Trade Secrets for Sale

To catch a criminal, you have to think like a criminal. That's what Sherlock Holmes and other super sleuths espouse as a sure-fire method for outthinking perps and anticipating their next move. It works against counterfeiters, thieves, hackers, pirates, and other criminal types.

Intellectual property theft accounts for billions of dollars of lost revenue and often involves critical compromises in highly sensitive technologies. And a Mandiant report released last month calls China the biggest IP crime boss in history.

Here in America, we understand its methodologies because we have the same skillsets and computer gear. The National Security Agency (NSA) has “listening post” technology available for connection to every cellphone and computer.

Wary Eye

'Beijing is waging a massive trade war on us all,' Rep. Mike Rogers (R-MI) said at a 2011 hearing, 'and we should band together to pressure them to stop.'

“Beijing is waging a massive trade war on us all,” Rep. Mike Rogers (R-MI) said at a 2011 hearing, “and we should band together to pressure them to stop.”

Spying on the spies
I am not implying that the NSA is responsible for any IP theft here in the US, but it has access to virtually every digit whizzing through the wired and wireless cloud. Can it decrypt every encrypted signal? Maybe not on the fly, but it does have access, along with codebreaking equipment and personnel.

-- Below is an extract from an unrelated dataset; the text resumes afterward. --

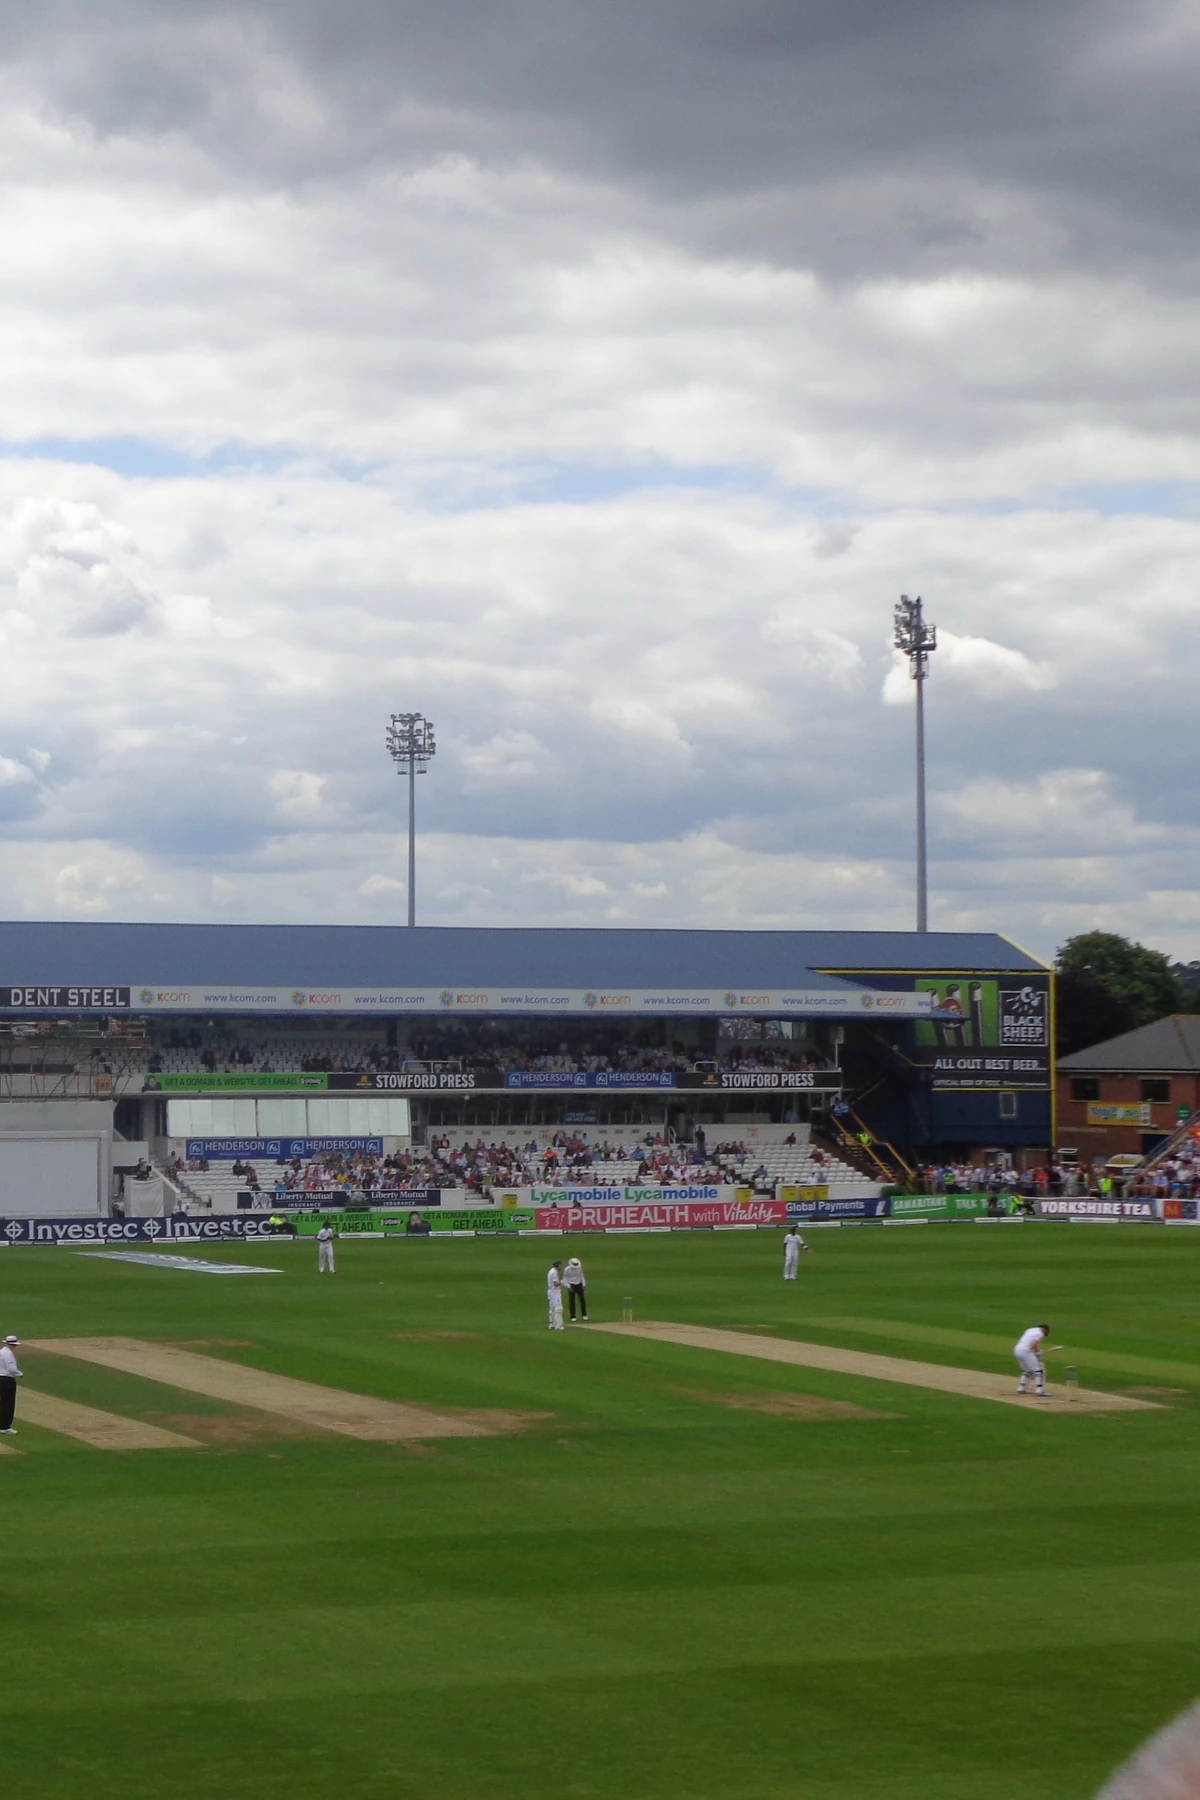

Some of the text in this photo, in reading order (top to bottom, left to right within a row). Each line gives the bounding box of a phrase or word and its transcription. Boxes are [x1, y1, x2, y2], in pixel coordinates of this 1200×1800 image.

If you really want to get an appreciation of our cybersecurity knowhow, you should take the time to read the Mandiant report in full. Let's look at it a little closer.

Since 2004, Mandiant has investigated computer breaches at hundreds of organizations around the world. The majority of these breaches are attributed to actors that the company calls the Advanced Persistent Threat (APT).

The report includes a quote from an October 2011 hearing from House Intelligence Committee Chairman Mike Rogers (R-MI):

China's economic espionage has reached an intolerable level and I believe that the United States and our allies in Europe and Asia have an obligation to confront Beijing and demand that they put a stop to this piracy. Beijing is waging a massive trade war on us all, and we should band together to pressure them to stop. Combined, the United States and our allies in Europe and Asia have significant diplomatic and economic leverage over China, and we should use this to our advantage to put an end to this scourge.

China's Ministry of Defense responded to the Mandiant report on Feb. 20: “The report, in only relying on linking IP [Internet protocol] address to reach a conclusion the hacking attacks originated from China, lacks technical proof” of state involvement.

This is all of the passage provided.